Unreal Turing Test - What the BotPrize teaches us about advanced NPC behaviour

Published: November 12, 2014 9:00 AM /



The Turing test, named after the pioneering computer scientist Alan Turing, remains an important philosophical and technical benchmark applied to the question of what exactly artificial intelligence could mean and how it could appear to us. In it's simplest form, if a program could hold its end of a conversation with a human being, convincing that person that it is too, a person, then that program could be meaningfully described as intelligent in some way. In a poetic reversal from speech to violence, the Botprize exists to ask whether or not a program can pass itself off as human by holding up its end of a deathmatch game in Unreal Tournament 2004.

The Botprize isn't new, the tournament was first held in 2008 during the IEEE Symposium on Computational Intelligence and Games in Perth Australia. When teams from universities across the world were invited to create a bot for Unreal Tournament 2004 which human judges would play against. Each team's entry was programmed to mimic the play style of a real player, with the goal of making them indistinguishable from their human controlled counterparts.

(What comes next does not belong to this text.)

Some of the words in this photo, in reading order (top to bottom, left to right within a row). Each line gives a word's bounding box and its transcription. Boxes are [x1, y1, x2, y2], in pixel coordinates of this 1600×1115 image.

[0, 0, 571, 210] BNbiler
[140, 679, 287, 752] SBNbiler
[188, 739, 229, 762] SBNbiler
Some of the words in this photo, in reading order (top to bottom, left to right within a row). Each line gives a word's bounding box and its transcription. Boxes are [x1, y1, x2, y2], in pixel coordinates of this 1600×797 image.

As of 2011 the Botprize judging protocol has been the following:

The system is based on a modification to the Link Gun. The primary mode is intended for tagging BOTs, while the secondary mode is for tagging HUMAN-controlled opponents. During the game, when a player believes he/she has identified an opponent as a BOT (respectively a HUMAN), he/she shoots the opponent using the primary (respectively secondary) mode of the Link Gun. The shot has no effect on the opponent, but the player will see a tag "BOT" (or "HUMAN") attached to the opponent to remind them of which opponents have been judged. If the player changes his/her mind, the opponent can be shot using the other mode to reverse the judgement, as often as he/she desires.
This following video from the 2010 competition shows how a judge observed the CC-Bot2 before issuing an incorrect judgement, for which he was punished.

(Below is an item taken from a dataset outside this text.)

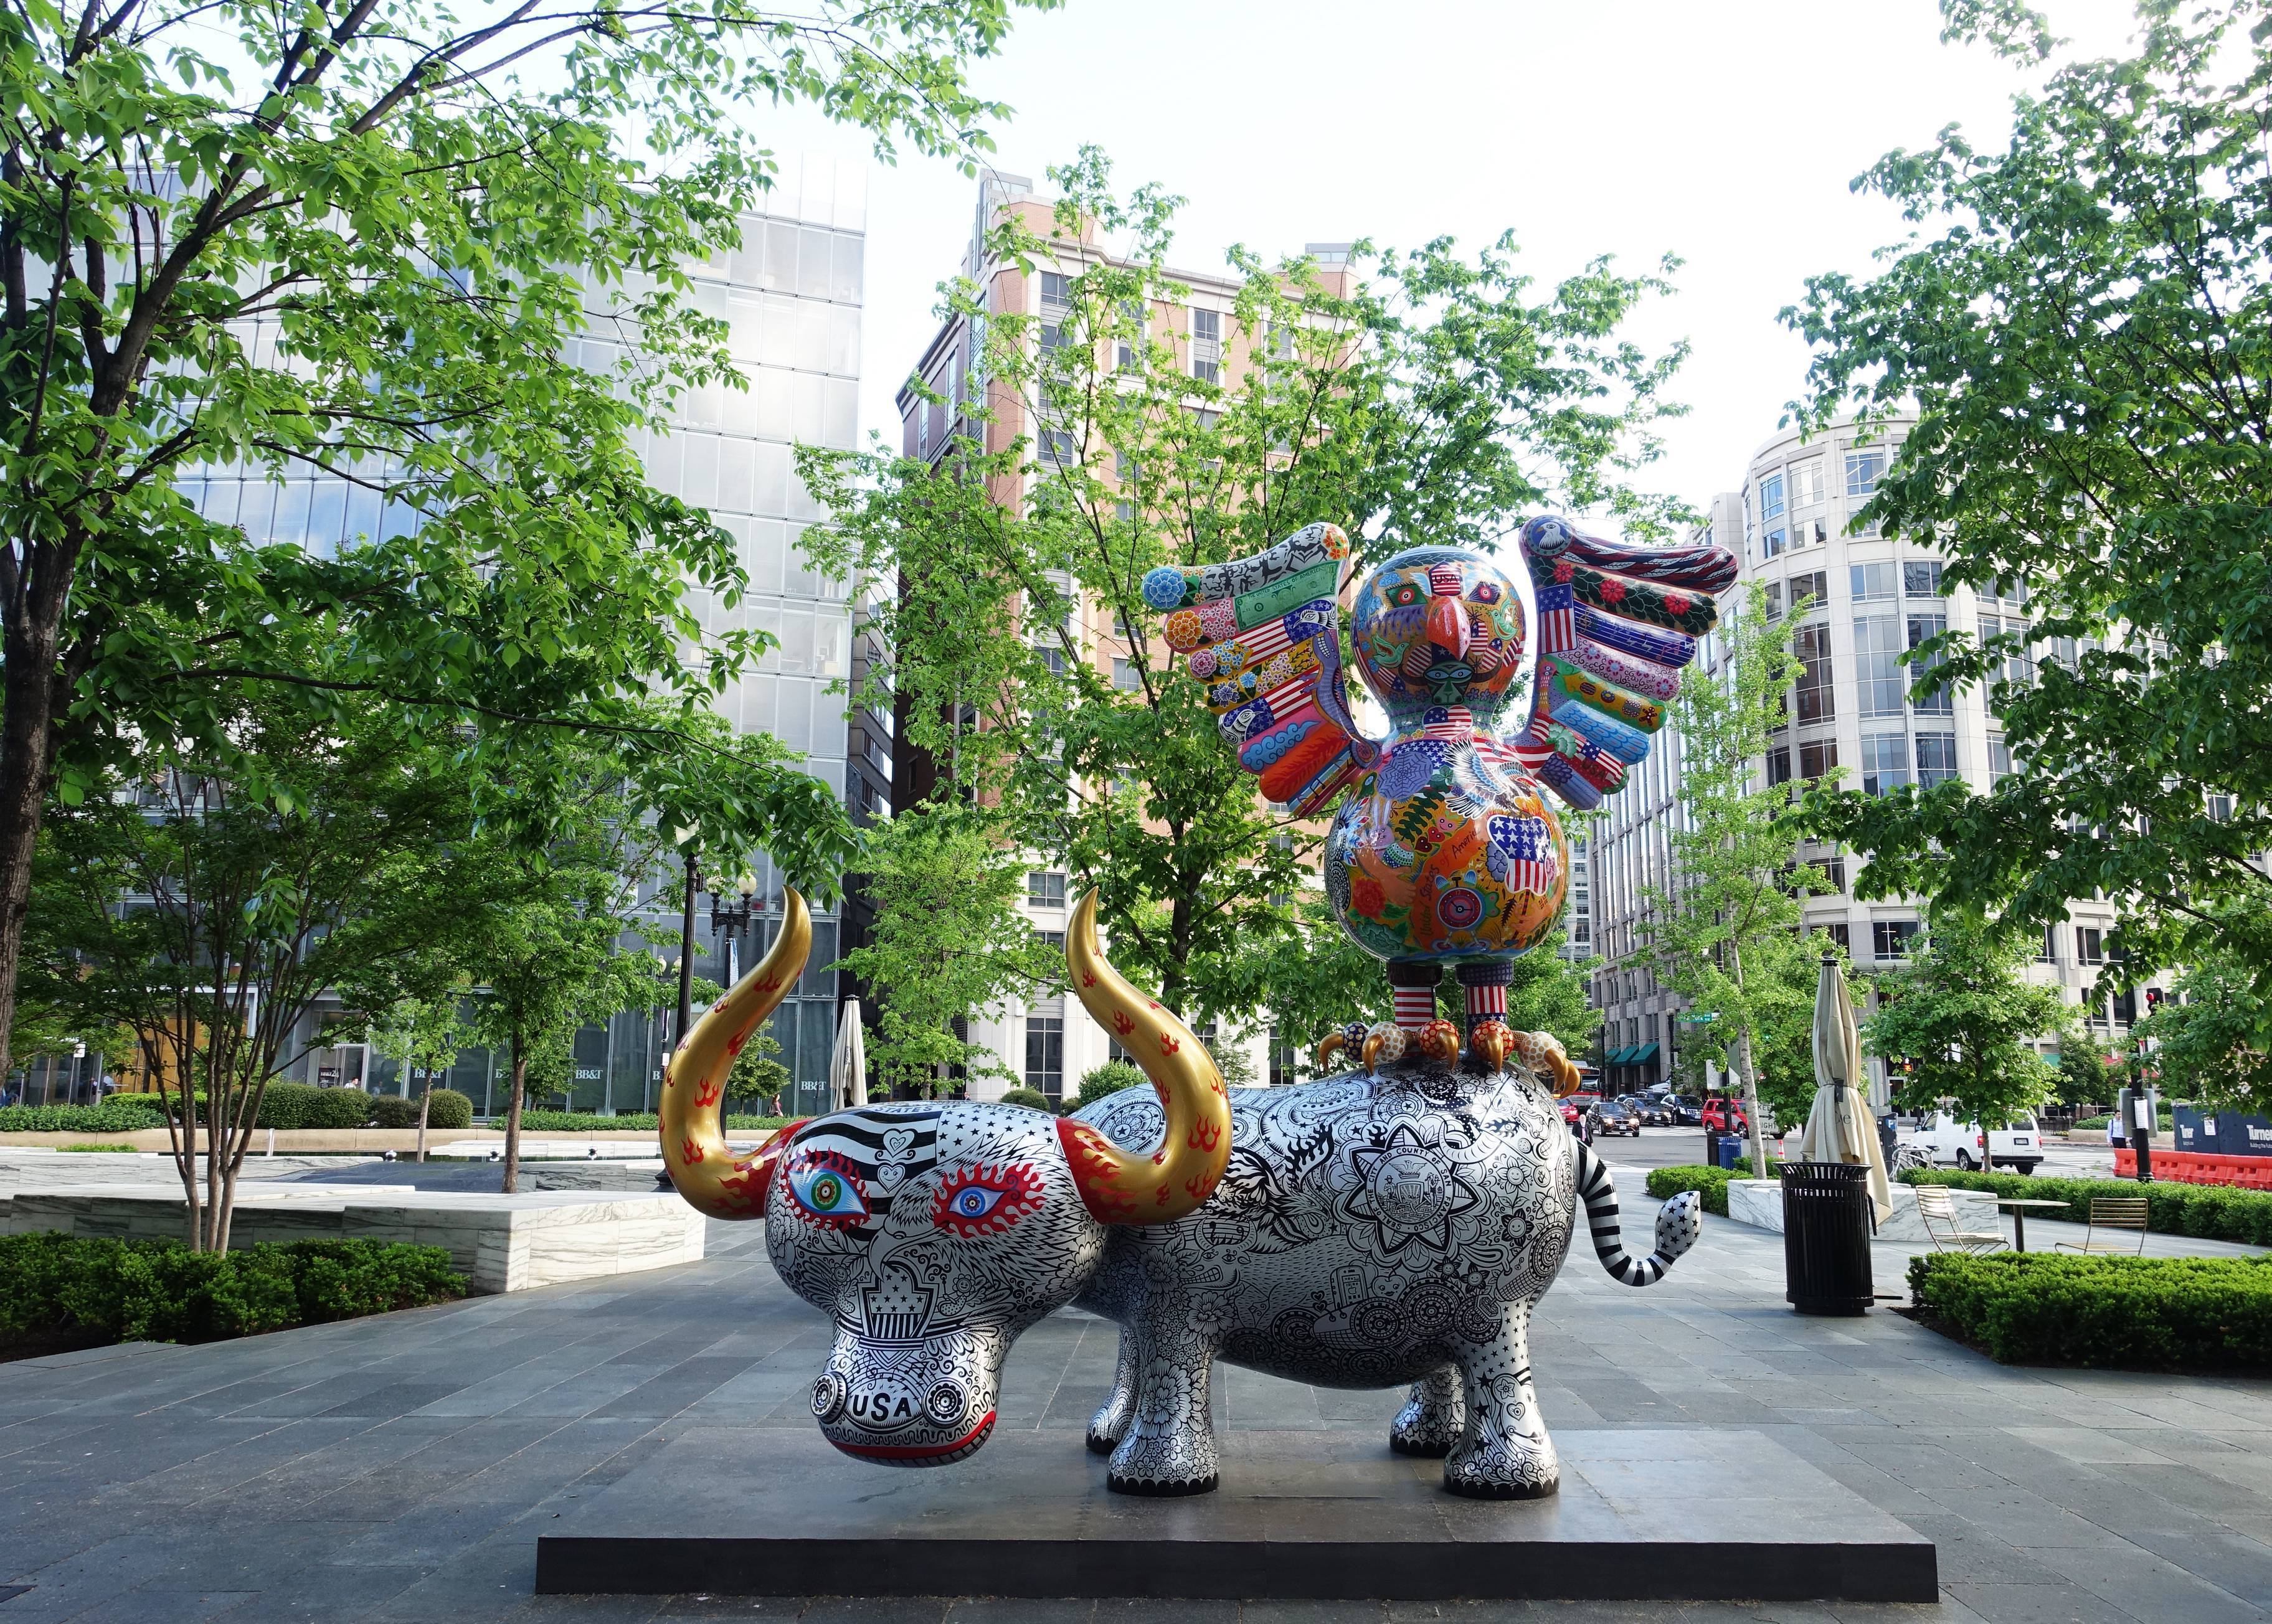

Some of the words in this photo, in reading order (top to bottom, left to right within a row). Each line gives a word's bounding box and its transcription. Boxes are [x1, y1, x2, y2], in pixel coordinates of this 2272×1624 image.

In order to pass the test and claim the grand prize a bot needed only to achieve a humanness rating-- calculated by the percentage of times that it was judged to be a real player--equal or higher than the median humanness rating assigned to the judges themselves. This proved elusive until 2012 when two bots managed it for the first time. AT the time New Scientist reported that the key strategies for successfully fooling the judges was, unsurprisingly, mimicry. Romanian born Mihai Polceanu's MirrorBot capitalized on mirroring and repeating the movements of it's human opponents. But curiously, the strategy was successful because it mimicked non-aggressive behaviors in moments where the player was not posing a threat.

My idea was to make the bot record other players at runtime instead of having a database of movements. This way, if the bot sees a non-violent player (shooting at the bot but around it, or shooting with a non-dangerous weapon) it would trigger a special behavior, mirroring. This makes the bot mimic another player in realtime, and therefore "borrowing" the humanness level.
and Polceanu adds
Due to the lack of long-term memory and the realtime nature of the mirroring module, I was obliged to use classic graph navigation, which I customized in order to hide traces of bot-like movement such as the brief stops on navpoints, aiming behavior and elevator rides
BotPrize trophy handed out to two teams in 2012

The other Prize winning team from 2012 used a particularly interesting strategy to avoid obvious bot-like behavior. They programmed the bot to observe and mimic behaviors displayed by human players, paying particular attention to movements dealing with the navigation of doorways, corners, and other tricky geometrical areas where a bot might give itself away by "Bouncing around." This approach to creating engaging A.I. can be seen in a more stripped down way in Valve's use of navigation meshes to inform NPC's of the different behaviors which they could use to navigate specific areas and obstacles. One can imagine how much the sense of  of an intelligent NPC could be affected by allocating resources to mirroring behaviors.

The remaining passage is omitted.